» What to work on
Only one range belongs in the answer: the line holding "this 2352×1568 image." through the last line of the records, reproduced as is.

(Stored items from a collection)
*** Block opens ***

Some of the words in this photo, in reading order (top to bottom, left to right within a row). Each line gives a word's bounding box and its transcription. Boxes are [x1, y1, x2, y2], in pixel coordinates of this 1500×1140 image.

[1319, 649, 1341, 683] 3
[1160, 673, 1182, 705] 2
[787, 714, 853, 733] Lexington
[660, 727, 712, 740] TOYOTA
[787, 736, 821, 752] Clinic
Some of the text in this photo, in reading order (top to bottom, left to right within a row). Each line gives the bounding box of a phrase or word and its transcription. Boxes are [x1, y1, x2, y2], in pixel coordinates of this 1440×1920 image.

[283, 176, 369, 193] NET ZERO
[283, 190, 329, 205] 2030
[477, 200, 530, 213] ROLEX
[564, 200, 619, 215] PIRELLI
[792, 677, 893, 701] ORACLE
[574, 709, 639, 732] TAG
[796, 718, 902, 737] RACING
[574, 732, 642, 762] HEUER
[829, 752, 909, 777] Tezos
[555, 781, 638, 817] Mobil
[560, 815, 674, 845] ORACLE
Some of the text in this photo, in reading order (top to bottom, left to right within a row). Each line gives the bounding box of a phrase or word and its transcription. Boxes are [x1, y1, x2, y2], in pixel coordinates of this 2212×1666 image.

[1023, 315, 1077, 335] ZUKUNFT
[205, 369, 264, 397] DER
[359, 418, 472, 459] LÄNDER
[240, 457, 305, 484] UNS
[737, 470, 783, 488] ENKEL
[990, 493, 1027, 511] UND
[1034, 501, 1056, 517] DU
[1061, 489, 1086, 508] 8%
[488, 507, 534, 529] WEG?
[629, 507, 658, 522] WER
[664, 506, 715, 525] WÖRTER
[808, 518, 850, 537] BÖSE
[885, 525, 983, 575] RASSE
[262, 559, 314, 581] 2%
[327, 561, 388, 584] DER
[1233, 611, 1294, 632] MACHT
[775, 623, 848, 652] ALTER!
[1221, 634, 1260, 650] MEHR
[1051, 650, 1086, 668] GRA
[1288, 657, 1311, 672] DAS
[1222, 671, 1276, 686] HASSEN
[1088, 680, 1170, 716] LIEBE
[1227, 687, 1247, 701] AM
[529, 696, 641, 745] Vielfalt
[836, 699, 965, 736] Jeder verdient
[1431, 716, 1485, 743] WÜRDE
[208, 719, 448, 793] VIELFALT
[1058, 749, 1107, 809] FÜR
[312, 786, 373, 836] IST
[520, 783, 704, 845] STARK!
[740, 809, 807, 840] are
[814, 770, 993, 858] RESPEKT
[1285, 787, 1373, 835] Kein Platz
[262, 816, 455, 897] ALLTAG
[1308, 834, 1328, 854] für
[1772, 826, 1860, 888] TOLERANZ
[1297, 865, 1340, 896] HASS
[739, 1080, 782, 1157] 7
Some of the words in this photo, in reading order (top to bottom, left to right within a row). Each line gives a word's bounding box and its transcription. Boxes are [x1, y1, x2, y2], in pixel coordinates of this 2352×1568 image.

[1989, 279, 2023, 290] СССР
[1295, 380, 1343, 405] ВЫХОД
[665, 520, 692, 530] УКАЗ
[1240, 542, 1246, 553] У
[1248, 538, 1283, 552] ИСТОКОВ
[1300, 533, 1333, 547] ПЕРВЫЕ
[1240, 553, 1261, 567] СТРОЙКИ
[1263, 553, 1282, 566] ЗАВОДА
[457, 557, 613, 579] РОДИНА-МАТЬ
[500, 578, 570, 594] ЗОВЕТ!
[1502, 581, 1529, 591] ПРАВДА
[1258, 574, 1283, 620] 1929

*** Block closes ***

» Expected output
Some of the words in this photo, in reading order (top to bottom, left to right within a row). Each line gives a word's bounding box and its transcription. Boxes are [x1, y1, x2, y2], in pixel coordinates of this 2352×1568 image.

[1989, 279, 2023, 290] СССР
[1295, 380, 1343, 405] ВЫХОД
[665, 520, 692, 530] УКАЗ
[1240, 542, 1246, 553] У
[1248, 538, 1283, 552] ИСТОКОВ
[1300, 533, 1333, 547] ПЕРВЫЕ
[1240, 553, 1261, 567] СТРОЙКИ
[1263, 553, 1282, 566] ЗАВОДА
[457, 557, 613, 579] РОДИНА-МАТЬ
[500, 578, 570, 594] ЗОВЕТ!
[1502, 581, 1529, 591] ПРАВДА
[1258, 574, 1283, 620] 1929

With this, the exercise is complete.